Output every line below exactly, please, omitting pictures.

Stored entries
= Beginning of Section =

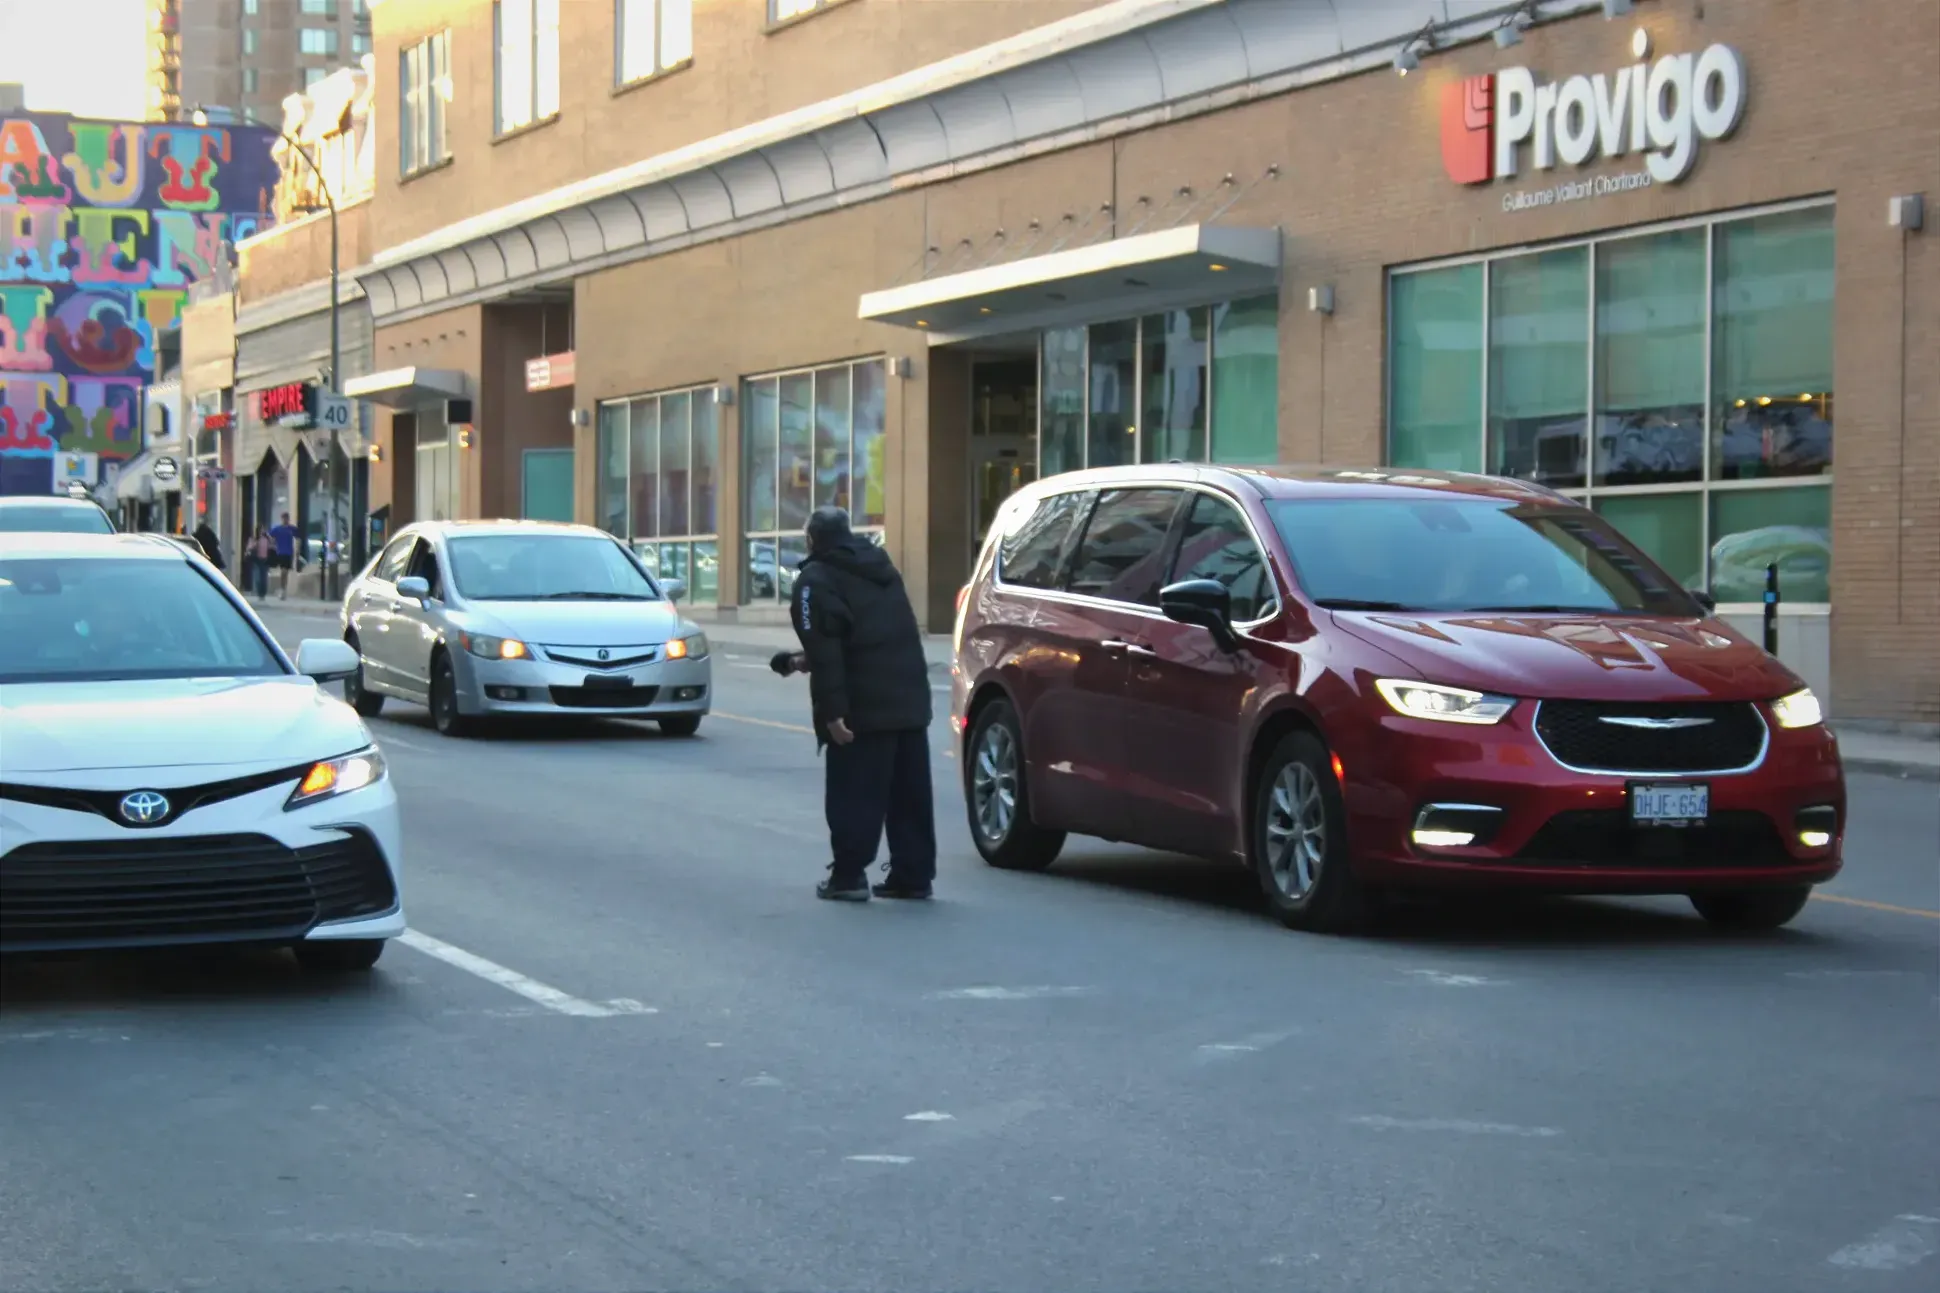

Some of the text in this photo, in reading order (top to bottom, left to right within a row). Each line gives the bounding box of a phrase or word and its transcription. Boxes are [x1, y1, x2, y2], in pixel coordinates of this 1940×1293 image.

[1496, 27, 1743, 183] Provigo
[261, 382, 304, 419] EMPIRE
[325, 404, 348, 425] 40
[1679, 794, 1707, 816] 654
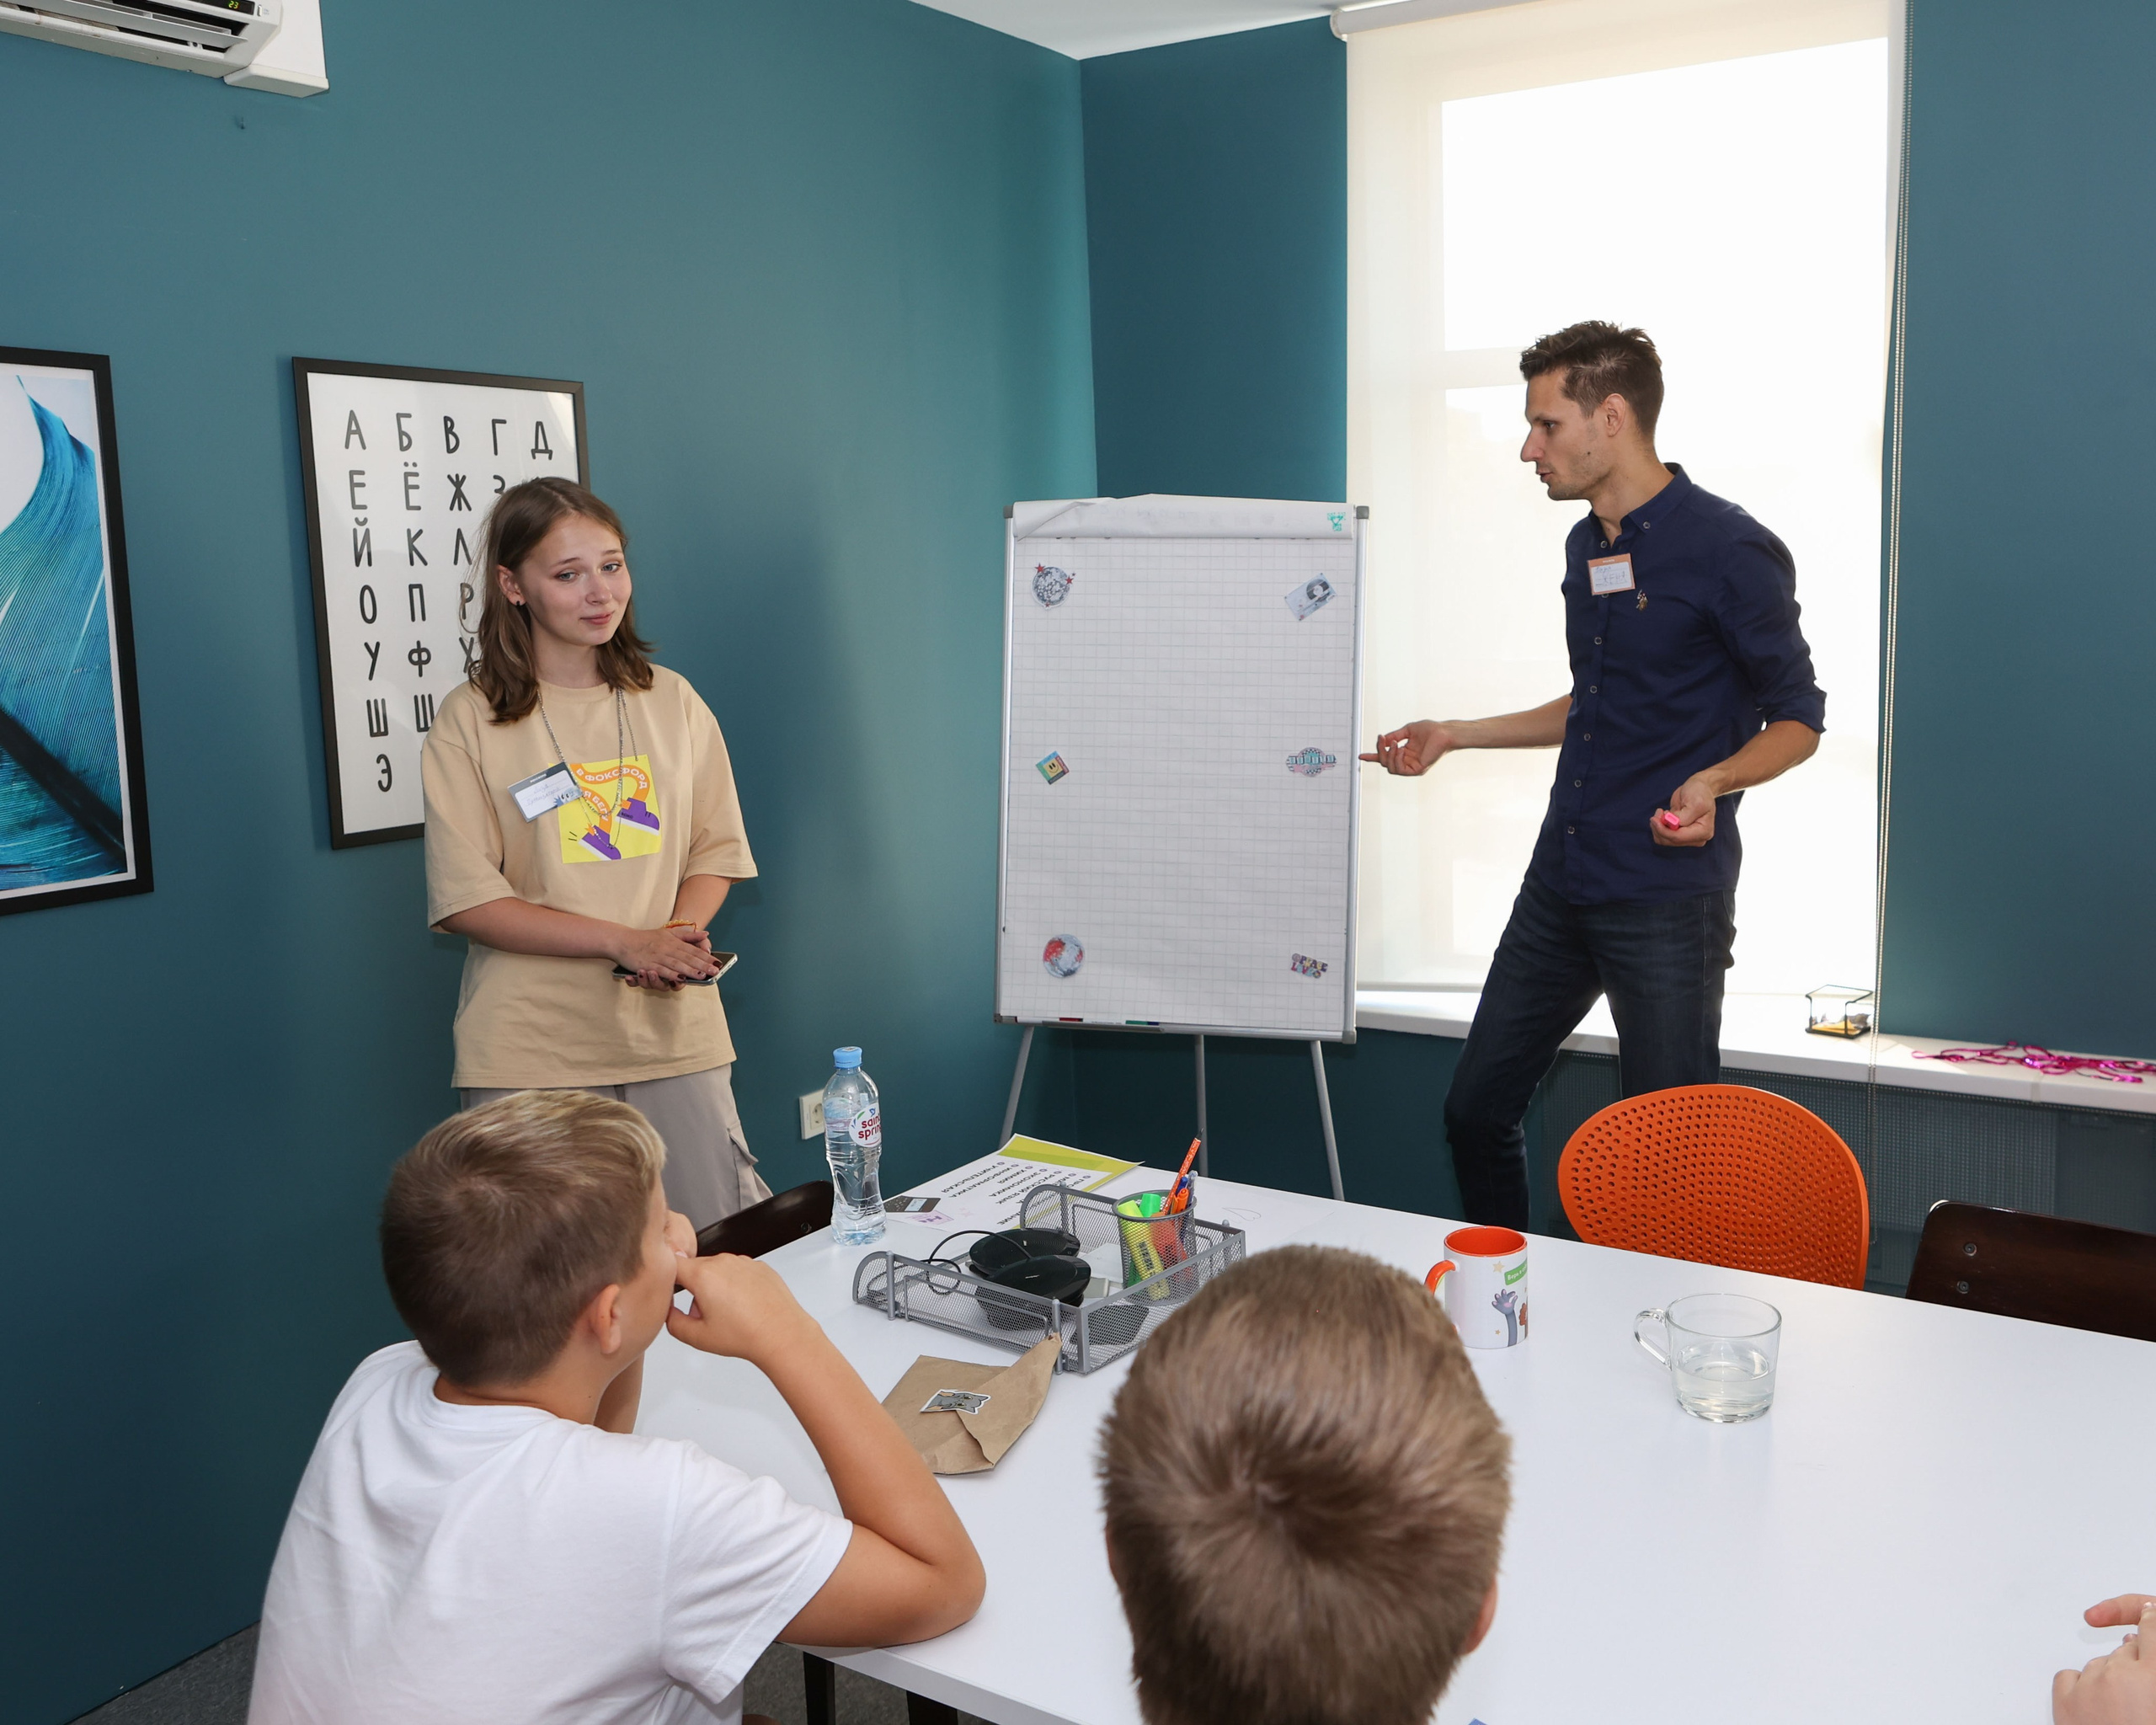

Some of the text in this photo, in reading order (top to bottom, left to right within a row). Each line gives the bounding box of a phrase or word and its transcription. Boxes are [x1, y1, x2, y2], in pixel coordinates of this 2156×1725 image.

[228, 0, 239, 8] 23
[344, 409, 553, 460] А Б В Г Д
[349, 470, 367, 510] Е
[403, 462, 421, 510] Ё
[447, 473, 472, 511] Ж
[353, 517, 472, 567] Й К Л
[359, 582, 474, 624] О П Р
[364, 637, 475, 681] У Ф Х
[366, 698, 388, 737] Ш
[376, 754, 392, 792] Э
[584, 767, 648, 789] ФОКСФОРД
[858, 1124, 882, 1140] sprin
[862, 1115, 881, 1129] sain
[941, 1165, 999, 1194] УЧИТЕЛЬСКАЯ
[948, 1167, 1012, 1198] ИНФОРМАТИКА
[988, 1172, 1041, 1198] ЭКОНОМИКА
[997, 1169, 1027, 1184] ХИМИЯ
[1019, 1174, 1055, 1194] РУССКИЙ
[995, 1191, 1021, 1205] ЯЗЫК

= End of Section =

COMPLETED TASK
Some of the text in this photo, in reading order (top to bottom, left to right within a row). Each line gives the bounding box of a phrase or word and its transcription. Boxes are [x1, y1, x2, y2], in pixel coordinates of this 1940×1293 image.

[1496, 27, 1743, 183] Provigo
[261, 382, 304, 419] EMPIRE
[325, 404, 348, 425] 40
[1679, 794, 1707, 816] 654

Some of the text in this photo, in reading order (top to bottom, left to right within a row). Each line gives the bounding box of a phrase or word and its transcription. Boxes are [x1, y1, x2, y2], in pixel coordinates of this 2156×1725 image.

[228, 0, 239, 8] 23
[344, 409, 553, 460] А Б В Г Д
[349, 470, 367, 510] Е
[403, 462, 421, 510] Ё
[447, 473, 472, 511] Ж
[353, 517, 472, 567] Й К Л
[359, 582, 474, 624] О П Р
[364, 637, 475, 681] У Ф Х
[366, 698, 388, 737] Ш
[376, 754, 392, 792] Э
[584, 767, 648, 789] ФОКСФОРД
[858, 1124, 882, 1140] sprin
[862, 1115, 881, 1129] sain
[941, 1165, 999, 1194] УЧИТЕЛЬСКАЯ
[948, 1167, 1012, 1198] ИНФОРМАТИКА
[988, 1172, 1041, 1198] ЭКОНОМИКА
[997, 1169, 1027, 1184] ХИМИЯ
[1019, 1174, 1055, 1194] РУССКИЙ
[995, 1191, 1021, 1205] ЯЗЫК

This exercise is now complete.